_EXERCISE REQUIREMENTS_. When you reach a picture, pass over it; otherwise repeat the listing word for word.

(SOURCE INFORMATION begins)

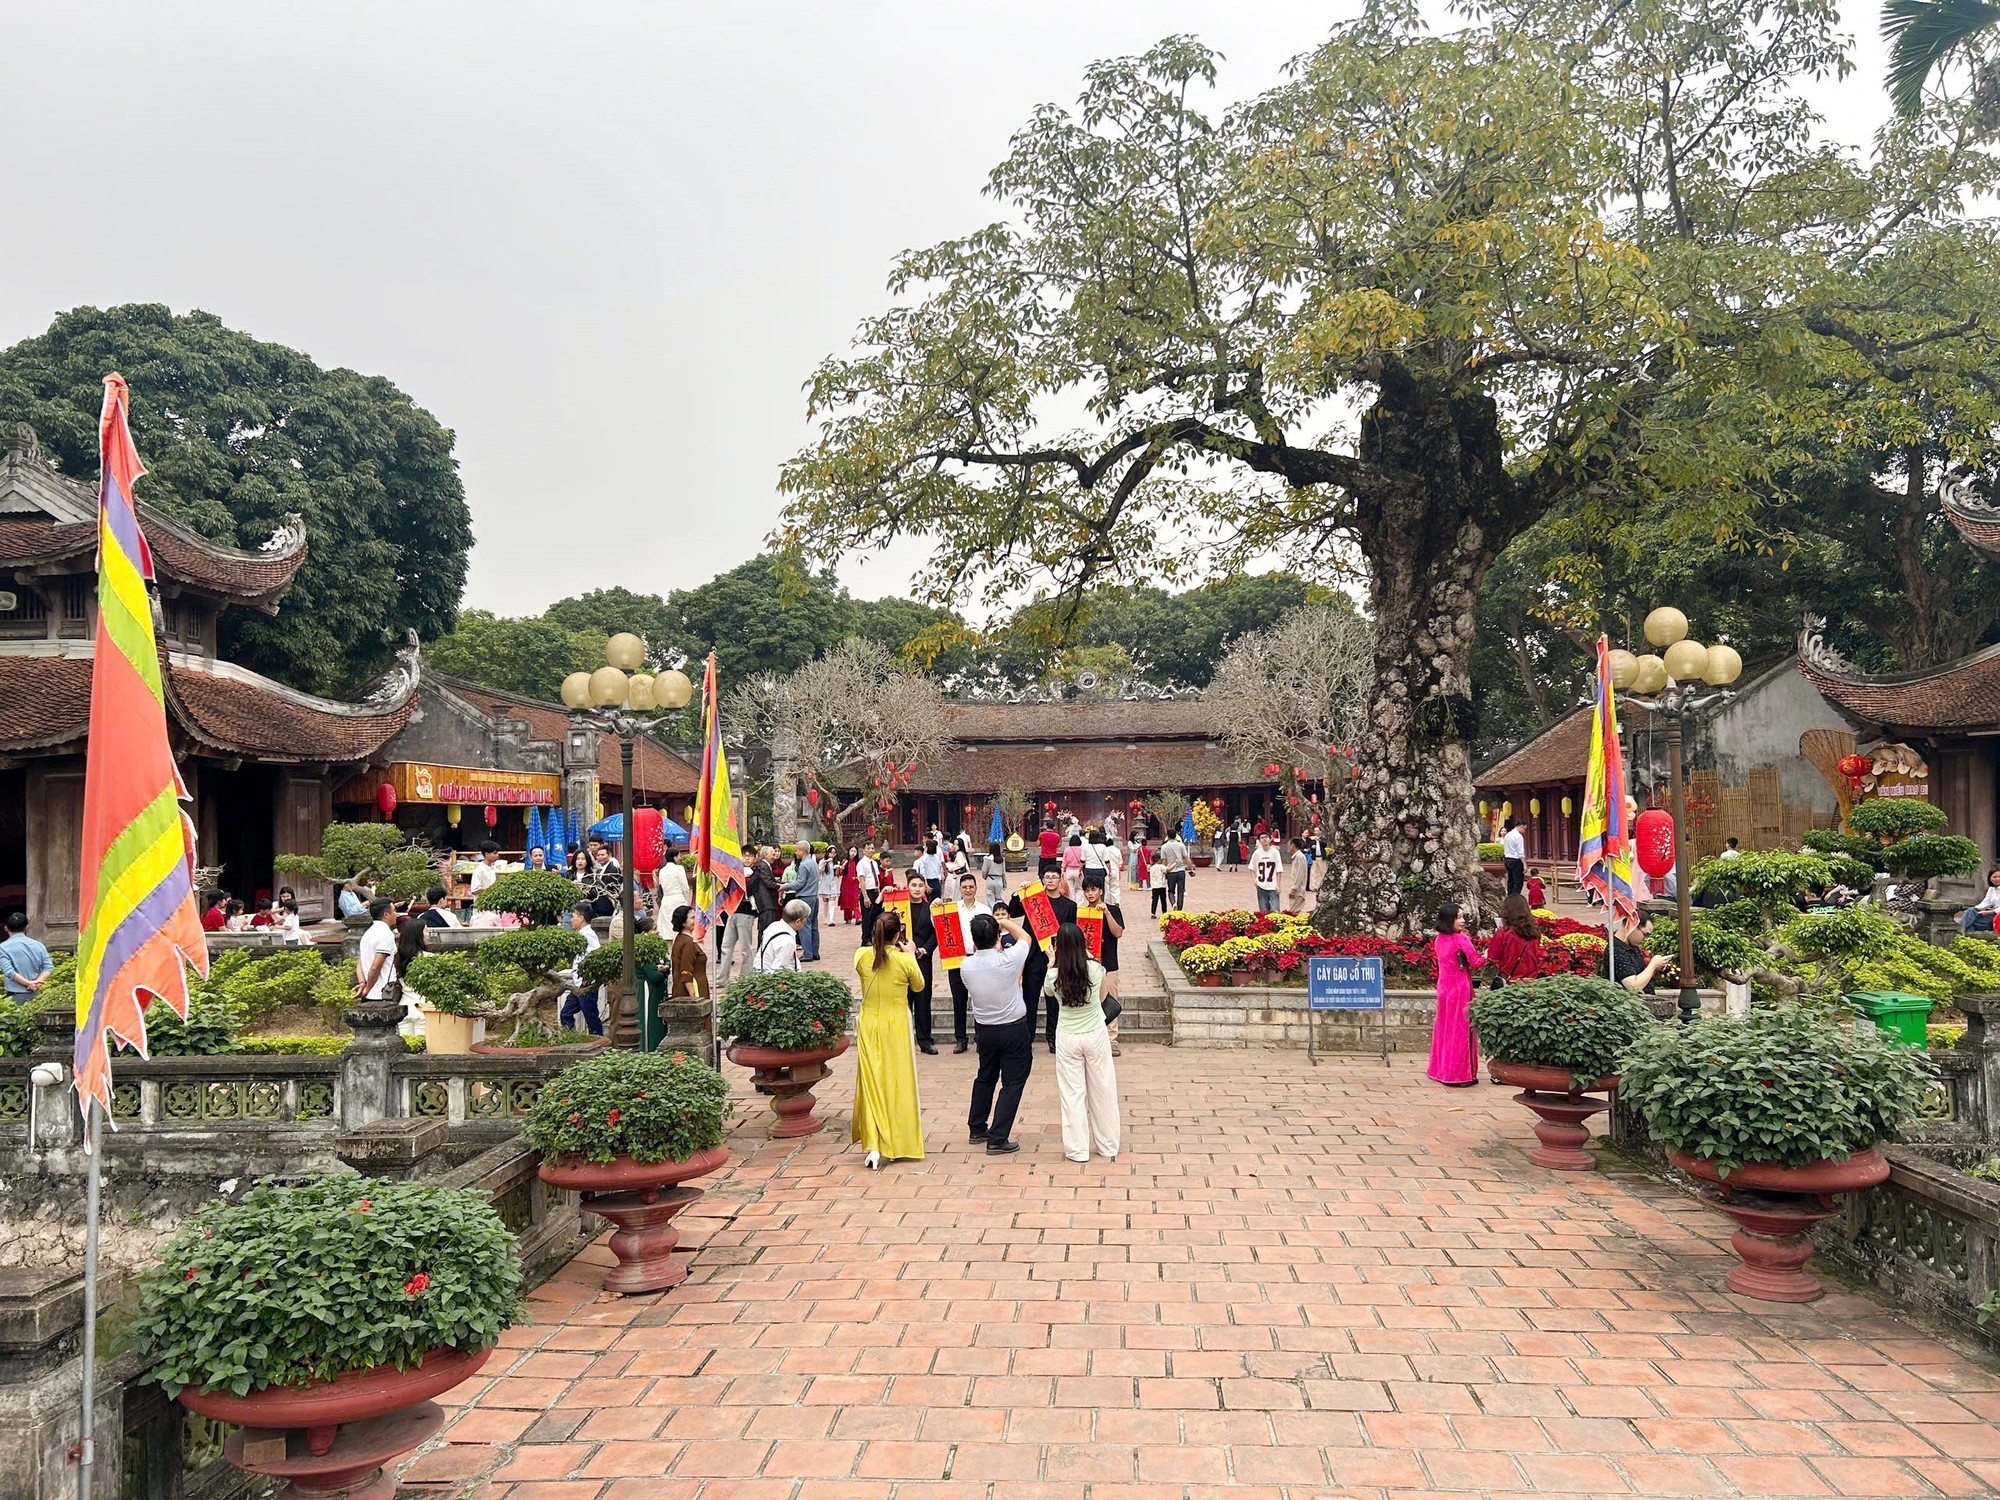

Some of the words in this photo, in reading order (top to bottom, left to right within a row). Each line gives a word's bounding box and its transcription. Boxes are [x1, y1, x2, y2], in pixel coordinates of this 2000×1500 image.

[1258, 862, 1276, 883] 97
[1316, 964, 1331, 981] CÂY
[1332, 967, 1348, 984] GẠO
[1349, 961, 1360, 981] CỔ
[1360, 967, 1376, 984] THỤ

(SOURCE INFORMATION ends)

_RESPONSE_.
Some of the words in this photo, in reading order (top to bottom, left to right within a row). Each line gives a word's bounding box and its transcription. Boxes are [x1, y1, x2, y2], in pixel coordinates of this 2000×1500 image.

[1258, 862, 1276, 883] 97
[1316, 964, 1331, 981] CÂY
[1332, 967, 1348, 984] GẠO
[1349, 961, 1360, 981] CỔ
[1360, 967, 1376, 984] THỤ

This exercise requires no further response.